On 25 October 2023, Dr Jin (Julie) Zeng, Associate Professor of Politics and International Relations at Florida International University (FIU), spoke at a webinar titled “Threatening National Security or Bridging the Digital Divide? A Case Study of Huawei’s Expansion in Brazil.” The webinar was jointly organised by RSIS and the Green School, FIU.

Dr Zeng’s research centres on how Latin American countries have resisted US pressure to remove Huawei from their telecommunications networks. Her presentation focused on Brazil, where she sought to explain why former President Jair Bolsonaro, an avowed populist and anti-China leader, allowed Huawei into Brazil’s 5G auctions.

Dr Zeng focused her argument on three issues: the lack of persuasive causal narratives to justify banning Huawei; the high costs of banning Huawei; and the impact of contingencies such as China’s vaccine diplomacy. First, Bolsonaro’s weak authority and the lack of evidence about Huawei’s wrongdoings led to a failure to securitise the issue and convince policymakers to act. Second, not only was the cost of replacing existing Huawei equipment and using other 5G vendors extremely high, but there were fears of retaliation from China, Brazil’s biggest trading partner. Third, China’s vaccine diplomacy during the COVID-19 pandemic ostensibly catalysed a policy change, with the Brazilian government allowing Huawei in 5G auctions in January 2021, days after Beijing agreed to export vaccine components to the country.

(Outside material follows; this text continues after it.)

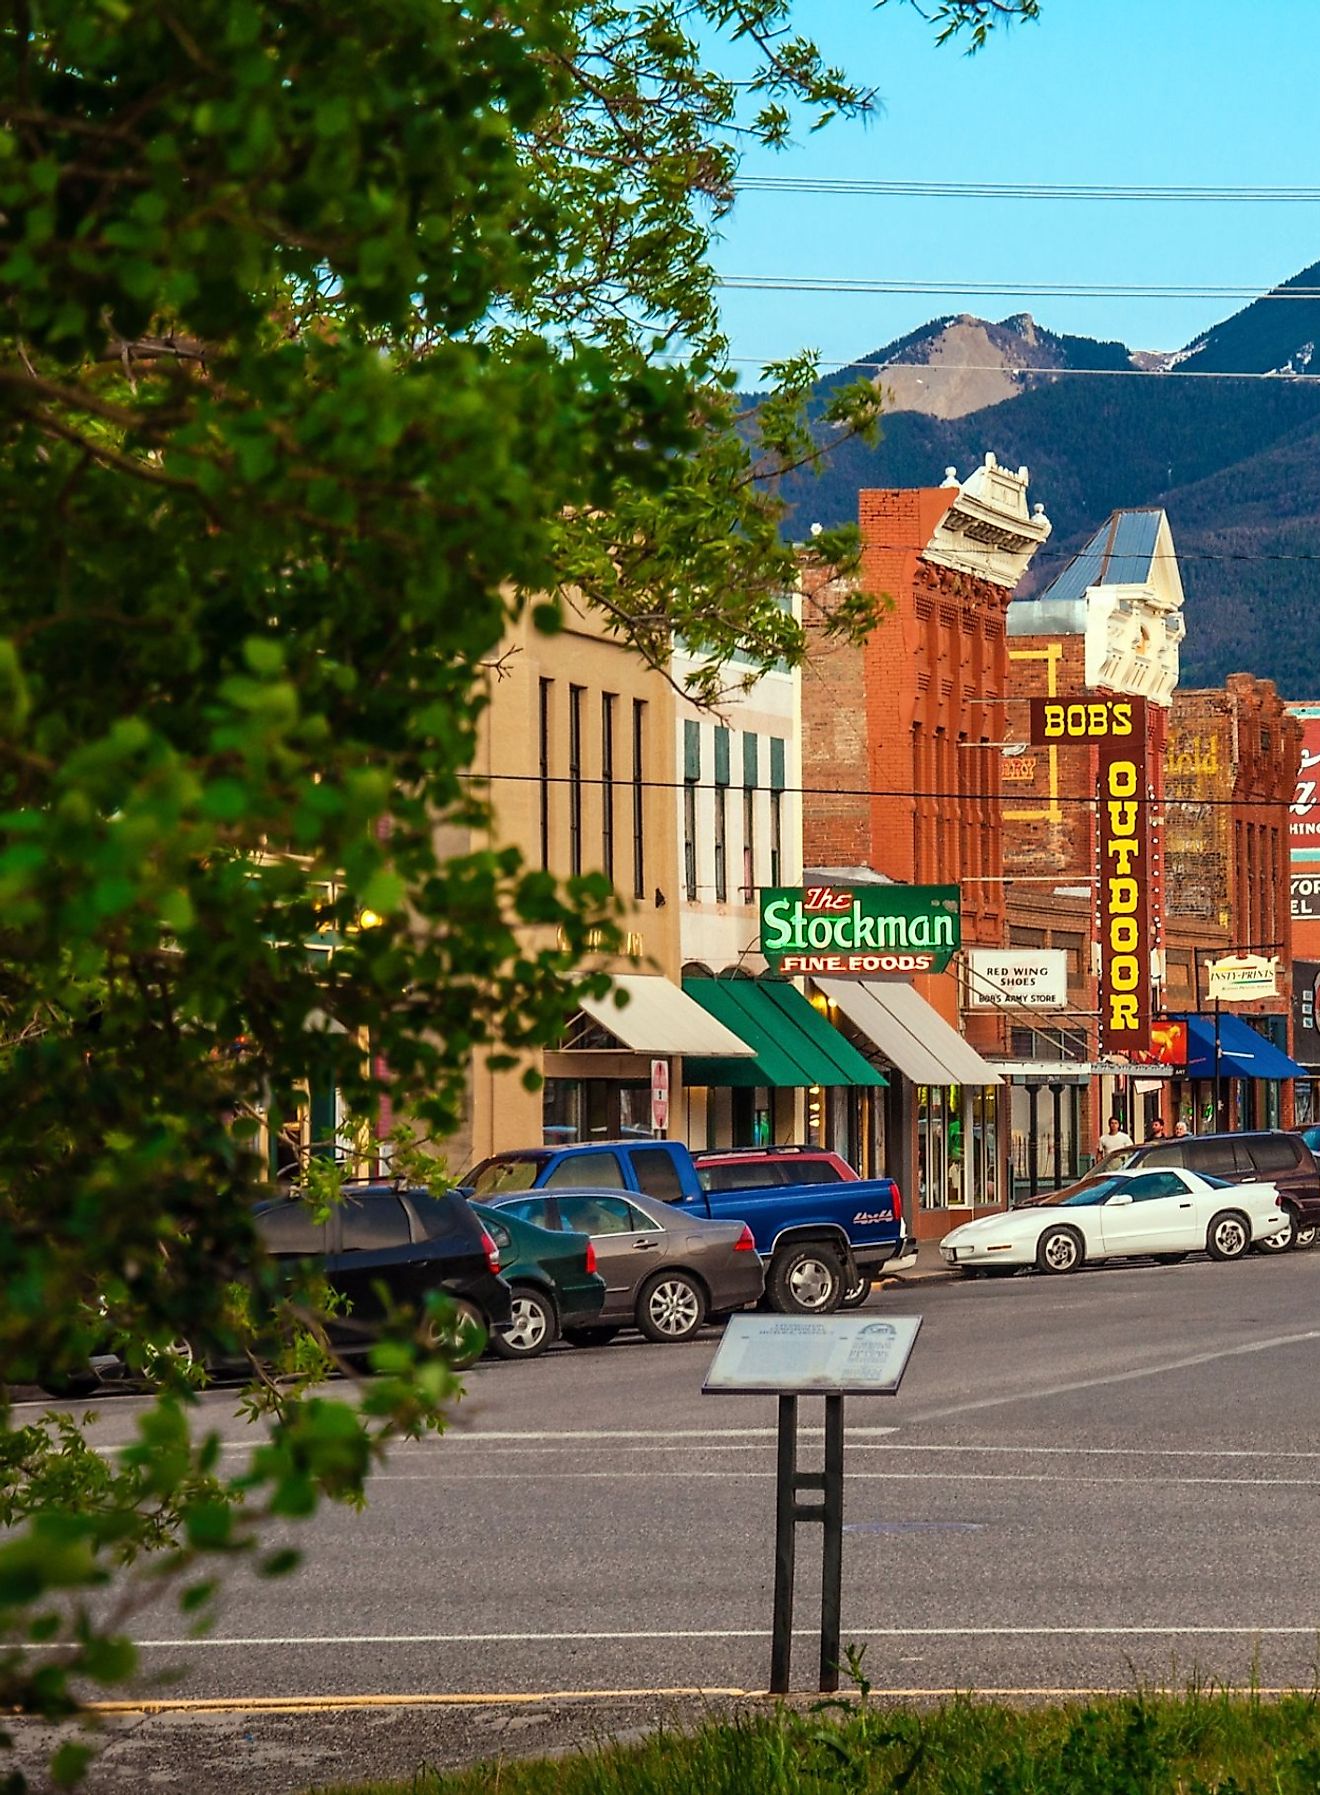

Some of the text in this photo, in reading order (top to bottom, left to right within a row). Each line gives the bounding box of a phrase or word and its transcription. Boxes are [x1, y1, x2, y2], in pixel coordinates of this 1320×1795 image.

Dr Zeng said her research highlights the importance of causal narratives in international cooperation, and that trade dependence on a potential sanctions target is only one of the costs that third-party states consider when pressed to cooperate. She noted that third-party states can exercise agency in their response to bigger powers, with Brazil constructing two 5G networks (including a government network without Huawei equipment) to satisfy Washington. Huawei also laid the groundwork for sanctions-busting behaviour by investing heavily in the Brazilian economy and hiring former President Michel Temer as an advisor for added influence.